Urtica Dioica attenuates isoproterenol-induced myocardial infarction in Wistar rats: In vitro, in vivo, and molecular docking studies

Despite significant advancements in treatment, cardiovascular diseases, particularly myocardial infarction (MI), remain the leading cause of mortality globally. Current treatments, such as ACE inhibitors and statins, often carry adverse effects, prompting the need for safer alternatives. This study investigates the cardioprotective potential of Urtica dioica essential oil (UDEO) in a rat model of isoproterenol (ISO)-induced MI GC–MS analysis revealed UDEO's major constituents as phytol, β-linalool, and α-terpineol.
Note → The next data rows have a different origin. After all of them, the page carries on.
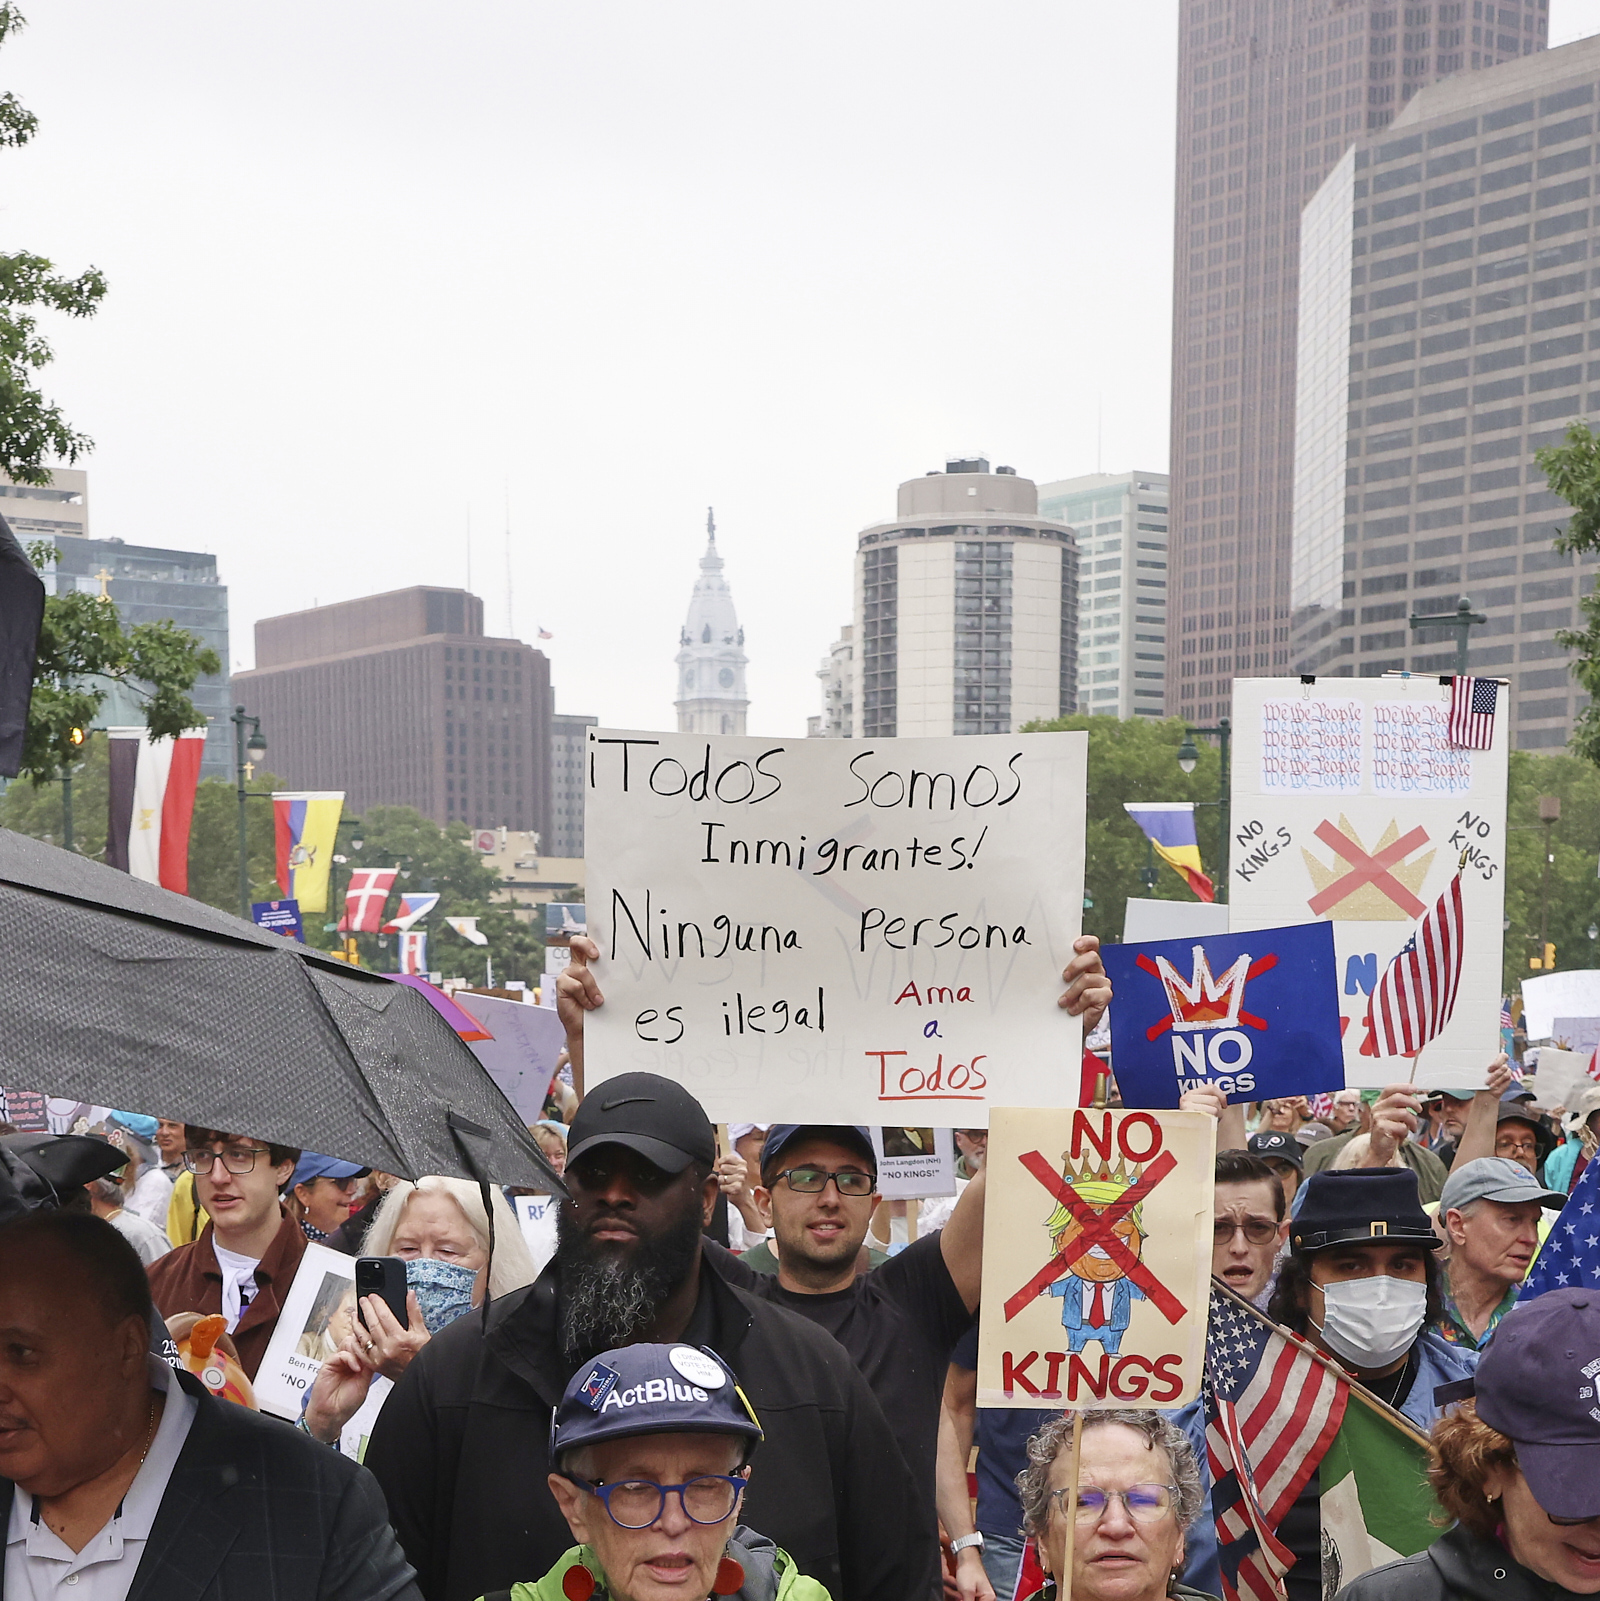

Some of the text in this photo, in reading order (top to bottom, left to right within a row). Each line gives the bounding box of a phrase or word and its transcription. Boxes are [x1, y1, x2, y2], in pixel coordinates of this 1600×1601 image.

[1236, 820, 1263, 847] NO
[1457, 811, 1490, 838] NO
[700, 821, 986, 875] Inmigrantes!
[1236, 827, 1291, 882] KINGS
[611, 889, 802, 960] Ninguna
[895, 982, 973, 1004] Ama
[1345, 953, 1377, 995] N
[635, 986, 826, 1043] es ilegal
[924, 1020, 942, 1038] a
[865, 1051, 987, 1093] Todos
[1172, 1031, 1253, 1076] NO
[1177, 1073, 1255, 1096] KINGS
[1072, 1109, 1161, 1162] NO
[288, 1356, 321, 1375] Ben Fra
[1003, 1351, 1183, 1402] KINGS
[589, 1373, 615, 1407] INDIVISIBLE
[601, 1378, 709, 1414] ActBlue
In vitro, UDEO exhibited potent antioxidant and ACE inhibitory activities. In vivo, pretreatment with UDEO (200 and 300 mg/kg) or Pidogrel (2 mg/kg) for 30 days significantly improved cardiac markers, lipid profiles, and electrolyte balance, while reducing oxidative stress and restoring ECG patterns. Histological and molecular docking studies confirmed UDEO's anti-inflammatory, antifibrotic, and cardioprotective effects, supported by favorable ADME properties. The current study highlights the potential of UDEO as a natural therapeutic agent for MI, demonstrating its cardioprotective effects through antioxidant, anti-inflammatory, and anti-fibrotic mechanisms. These findings suggest that UDEO could offer a safer alternative to conventional treatments for MI.